In 2013, it was announced that Winterson would be writing an adaptation of The Winter's Tale for the Hogarth Shakespeare series, a series of modern retellings of Shakespeare plays by well-known authors. She wrote The Gap of Time, published in 2015 by Vintage.

In 2016, Winterson published a book of short stories about Christmas alongside seasonal recipes from her celebrity friends, including Susie Orbach, Kathy Acker and Ruth Rendell.

In 2019, Winterson published her eleventh novel, Frankissstein. The book starts with a description of Mary Shelley writing Frankenstein, then jumps to the present day to describe the character of Ry Shelley, a transgender doctor. The novel explores topics including transhumanism, transgenderism and AI. It was published by Jonathan Cape.

In October 2023, Jonathan Cape published Night Side of the River, a book of thirteen ghost stories.

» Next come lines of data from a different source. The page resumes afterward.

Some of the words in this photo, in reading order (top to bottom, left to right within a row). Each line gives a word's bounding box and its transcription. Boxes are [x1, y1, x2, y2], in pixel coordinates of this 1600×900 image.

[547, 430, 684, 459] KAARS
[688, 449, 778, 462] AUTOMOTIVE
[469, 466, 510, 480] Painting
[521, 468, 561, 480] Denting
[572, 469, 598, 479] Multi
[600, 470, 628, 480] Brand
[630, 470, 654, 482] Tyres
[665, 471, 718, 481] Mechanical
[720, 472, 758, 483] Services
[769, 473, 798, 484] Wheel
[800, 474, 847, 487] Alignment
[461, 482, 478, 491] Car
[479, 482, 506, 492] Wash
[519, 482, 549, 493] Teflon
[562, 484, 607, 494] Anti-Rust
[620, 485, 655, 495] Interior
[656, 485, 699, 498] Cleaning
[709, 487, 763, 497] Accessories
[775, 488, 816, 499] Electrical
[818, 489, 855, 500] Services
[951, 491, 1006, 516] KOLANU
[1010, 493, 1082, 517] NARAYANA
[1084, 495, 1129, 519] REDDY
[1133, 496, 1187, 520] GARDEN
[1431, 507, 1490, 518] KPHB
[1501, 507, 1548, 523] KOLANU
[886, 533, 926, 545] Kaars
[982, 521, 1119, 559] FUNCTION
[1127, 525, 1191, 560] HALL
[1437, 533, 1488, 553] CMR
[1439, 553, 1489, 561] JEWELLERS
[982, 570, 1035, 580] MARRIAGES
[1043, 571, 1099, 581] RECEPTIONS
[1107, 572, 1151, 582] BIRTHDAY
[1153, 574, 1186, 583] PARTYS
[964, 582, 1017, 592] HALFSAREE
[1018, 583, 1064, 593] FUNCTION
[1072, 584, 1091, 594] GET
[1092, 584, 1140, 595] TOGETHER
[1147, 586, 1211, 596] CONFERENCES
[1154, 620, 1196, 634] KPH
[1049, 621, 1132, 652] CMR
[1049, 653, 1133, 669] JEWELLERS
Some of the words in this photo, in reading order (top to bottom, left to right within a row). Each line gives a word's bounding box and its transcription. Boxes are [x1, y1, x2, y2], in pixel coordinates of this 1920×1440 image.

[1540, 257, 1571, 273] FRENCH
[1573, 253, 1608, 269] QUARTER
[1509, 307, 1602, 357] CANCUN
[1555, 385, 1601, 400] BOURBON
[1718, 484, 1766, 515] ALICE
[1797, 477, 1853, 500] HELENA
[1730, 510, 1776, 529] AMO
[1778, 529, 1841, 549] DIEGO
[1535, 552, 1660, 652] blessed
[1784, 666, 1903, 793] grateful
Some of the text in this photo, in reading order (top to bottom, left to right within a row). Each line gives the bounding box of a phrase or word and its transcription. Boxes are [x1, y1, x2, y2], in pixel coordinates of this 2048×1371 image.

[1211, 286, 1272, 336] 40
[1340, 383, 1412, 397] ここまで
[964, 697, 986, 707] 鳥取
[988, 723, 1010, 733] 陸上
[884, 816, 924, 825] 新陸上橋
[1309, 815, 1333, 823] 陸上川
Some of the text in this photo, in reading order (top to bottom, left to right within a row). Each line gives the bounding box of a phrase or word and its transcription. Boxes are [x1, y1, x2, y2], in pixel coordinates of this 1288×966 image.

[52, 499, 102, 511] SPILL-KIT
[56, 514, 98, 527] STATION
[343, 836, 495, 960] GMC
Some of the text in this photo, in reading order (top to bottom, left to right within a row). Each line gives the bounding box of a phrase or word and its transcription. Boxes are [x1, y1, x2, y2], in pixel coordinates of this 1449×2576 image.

In 2025, Winterson published One Aladdin Two Lamps, "a dizzying whirligig of memoir, history, philosophy, politics and self-help, loosely tied to commentary on the Nights” (One Thousand and One Nights — a collection of Middle Eastern folk tales).

=== Teaching ===
In 2012, Winterson succeeded Colm Tóibín as Professor of Creative Writing at the University of Manchester. There, she taught both MA and undergraduate students. In 2019, she was still teaching there.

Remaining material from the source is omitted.